I'm not even sure, I just made that up haha. Googled it: The disparity is technically minor: A FIBA ball has 12 panels, while a regulation NBA ball has eight. The two are the same overall size with a 29.5-inch circumference. But after the 2006 loss to Greece, American fans and journalists were convinced the international ball was smaller.
Click through and watch this highlight reel for the game. Freeze it at the 10-sec mark. Sengun is up making a fine contest/block though he is called for a foul. His hand is in the middle of the backboard square. I didn't think Sengun could make that play when I saw it live. It's very impressive timing for such young big.
If Sengun has a bag then Wemby has a clutch. 4/4 players this offseason looking like a problem in the games they've played. Love that the guys seem dedicated as well. Jalen with Team USA select, Alpy with Turkey and JaTari at Summer League.

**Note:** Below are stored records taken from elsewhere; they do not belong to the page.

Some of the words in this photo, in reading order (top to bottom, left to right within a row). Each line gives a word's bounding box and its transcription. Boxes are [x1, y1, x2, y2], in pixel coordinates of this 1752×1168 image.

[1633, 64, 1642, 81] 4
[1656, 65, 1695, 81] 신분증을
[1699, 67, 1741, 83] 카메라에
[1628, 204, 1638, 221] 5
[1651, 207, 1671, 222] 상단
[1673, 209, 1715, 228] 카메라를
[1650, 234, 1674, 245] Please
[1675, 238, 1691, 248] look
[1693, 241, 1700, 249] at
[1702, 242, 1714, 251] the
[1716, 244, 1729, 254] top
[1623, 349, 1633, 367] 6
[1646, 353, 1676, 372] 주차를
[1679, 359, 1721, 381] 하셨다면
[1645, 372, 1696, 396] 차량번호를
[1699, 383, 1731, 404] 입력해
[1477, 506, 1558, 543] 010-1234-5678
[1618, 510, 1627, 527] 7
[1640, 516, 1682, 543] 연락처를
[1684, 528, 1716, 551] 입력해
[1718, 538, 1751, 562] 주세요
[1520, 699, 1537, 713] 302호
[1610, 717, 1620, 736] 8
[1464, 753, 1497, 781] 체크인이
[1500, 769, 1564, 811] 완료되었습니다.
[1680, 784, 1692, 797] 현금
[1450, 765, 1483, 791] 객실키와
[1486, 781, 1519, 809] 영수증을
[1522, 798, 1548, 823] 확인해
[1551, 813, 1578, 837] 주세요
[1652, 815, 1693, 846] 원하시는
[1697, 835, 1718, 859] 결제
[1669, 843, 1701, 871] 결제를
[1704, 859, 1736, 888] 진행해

I actually think the last people to "find out" will be those Rockets "influencers" who thought his "archetype" wouldn't work and who advocated for Bruno freaking Fernando to start over him, and who kept singling him out as supposedly a bad defender, when the guards were actually worse, and who said he is not part of the core, and who were desperate for us to get Brook Lopez in the hope that he would be pushed back to the bench. Those are the prople who will either be last to embrace him, or who will never do it.
I'm a huge fan, but I wish he would develop a free-throw line jumper. Even in today's game, he dribbled into chaos more than once. Sengun can do that against some NBA players and almost all Euroleague bigs. But if he could take and make the easy jumper, his game would be much more difficult to defend. There's no reason that he can't add this to his bag (as well as the 3-point jumper).
Here are 10 minutes of highlights from the game, not all of them are Sengun, but includes many of his plays I also wanted to mention, scoring 24 points in high-level European basketball is no small feat. The leading scorer in EuroLeague this season, Sasha Vezenkov (who will be in the NBA playing for the Kings this upcoming season), averaged 17.6ppg, or just over half of Embiid's league-leading 33.1 in the NBA. Scoring 24 points over there is like a 40+ point game in the NBA.
There used to be a range of circumference for FIBA balls that differed by about an inch, I think, but that range also included the official NBA circumference of 29.5". I don't know if the range still exists. I remember at one point the manufacturer of FIBA balls at the time stated that they always make them 29.5" in circumference which is the same as the NBA. There used to be possible pressure differences, too, from what I recall, but don't know about those. Not sure about the material since I recall a few decades ago players saying the FIBA balls were slicker (?) or something. The panel difference wherever you got that quote from mentions is not as trivial as it seems because in the past it was stated shooters try to line up the "laces" or divisions in the panels for some of their shots. Some players had issues with doing this with the extra panels. I think there are other differences like the FIBA court is smaller, the FIBA 3-pt line is shorter, FIBA quarters are shorter (unless they changed that recently - I don't recall), the goaltending rules being different, etc. I think the FIBA rules for traveling are different, so I'm curious to see how they treat the NBA "gather step". There are a lot of little differences that affect the game like this, not to mention it looks like you can club players in FIBA without getting fouls called. lol. It's a more physical game nowadays. I think the rules differences together may affect the players more than any ball difference, but who knows.
I think Ime Udoka should be incredibly excited at this point. The weapons he will have at his disposal...oh my.
they parrot whatever their front office clowns tell them to parrot. there is a reason those clowns are paid contents.